Energy issues aren’t popping up much yet in election year discussions and debates, but if the American Petroleum Institute gets its way, they will be.

API President and CEO Jack Gerard told a luncheon in Washington, DC Wednesday that the oil and gas lobby is launching a nationwide “conversation with the American people” called “Vote for Energy.”

Gerard said the campaign is associated with no party and will endorse no candidates, but will tell voters what is at stake on energy issues and what policies they should look for from candidates.
He said API will spend “significant” amounts on the campaign.

The campaign will say that opening government lands to private energy producers could create over a million jobs, send billions in revenue to the Treasury, and make the nation energy secure.
The oil and gas industry now provides 9.2 million jobs and contributes $86 million a day to the Treasury, he said, and “could do much more” as well as be “a tremendous catalyst for economic growth.”

Giving the industry access to federal reserves, both on and off shore, that are now off-limits could mean that the nation could import only from Canada by 2030, Gerard said, making the US “self-sufficient … by and large.”

Number one on the API’s agenda, according to Gerard, is getting approval of TransCanada’s application to build the Keystone XL pipeline through the Midwest from Canada’s Alberta oil sands to a pipeline hub in Oklahoma.

In the late December tax cut extension bill, Congress ordered President Barack Obama to decide on the project within 60 days. Obama had delayed a national interest finding in November, citing strong objections to the proposed route through environmentally fragile Sand Hills from Nebraska’s Republican governor and legislature.

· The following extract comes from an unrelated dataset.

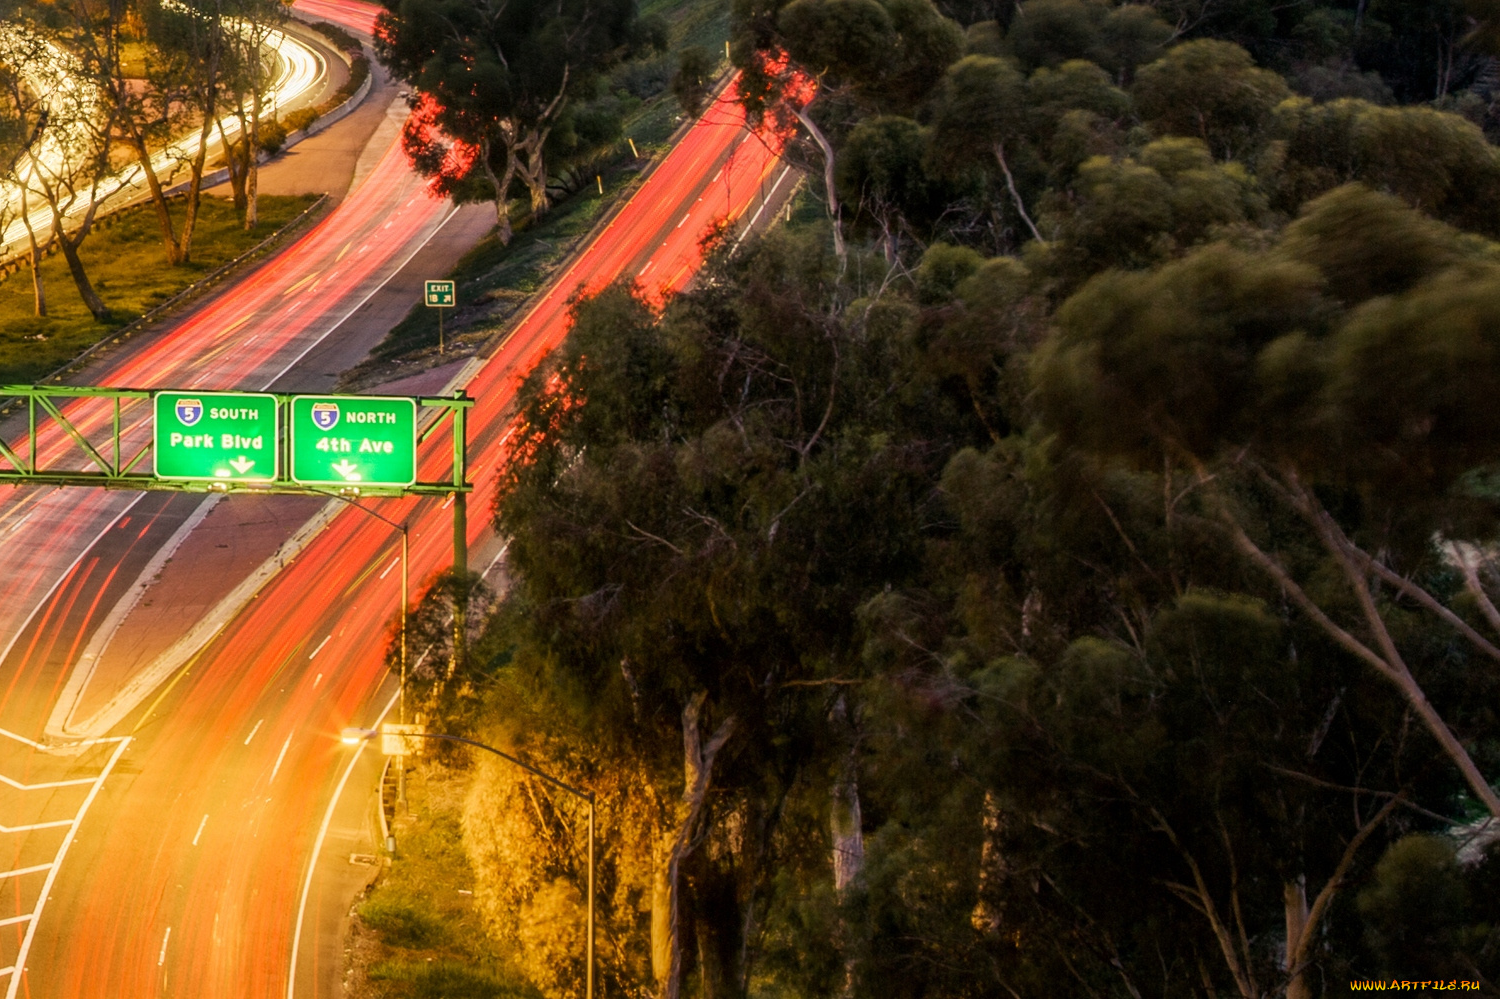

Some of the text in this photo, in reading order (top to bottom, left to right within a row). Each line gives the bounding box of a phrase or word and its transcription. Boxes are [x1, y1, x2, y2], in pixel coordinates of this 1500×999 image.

TransCanada quickly offered to reroute the line, winning state backing, but the project still faces militant opposition from environmentalists opposed to water and air pollution from oil sands mining.

Gerard said the only question before Obama is whether the project is in the national interest, and warned denial would carry “huge political consequences.” He said API has teamed with 15 unions that support the project, which Gerard said would create 20,000 American jobs.
The Keystone decision “is about as bright a line as it gets,” he said. He said Obama can make the national interest finding and Nebraska can still negotiate further on the route.

Opponents, he said, include “a vocal minority” who don’t want any oil and gas development, a view he termed “disconnected from current economic and energy reality.” He cited international studies projecting continued need for more fossil fuels, even as renewables use increases.

Asked what off-limits areas the industry would like to explore, Gerard pointed to Virginia, where a Republican governor and legislature and Democratic state senators all agree off-shore areas should be opened. Obama initially planned to open the area but withdrew Atlantic outer continental shelf areas after the BP Deepwater Horizon disaster in the Gulf of Mexico.

Gerard noted Chinese oil companies seeking out and buying into oil and gas resources worldwide in order to “secure their energy future.” He said, “We need to do the same,” and develop our own resources “so we’re not beholden to other nations.”

Photo Caption: American Petroleum Institute President and CEO Jack Gerard delivers remarks on the state of American Energy at the Newseum in Washington, DC, January 4, 2011.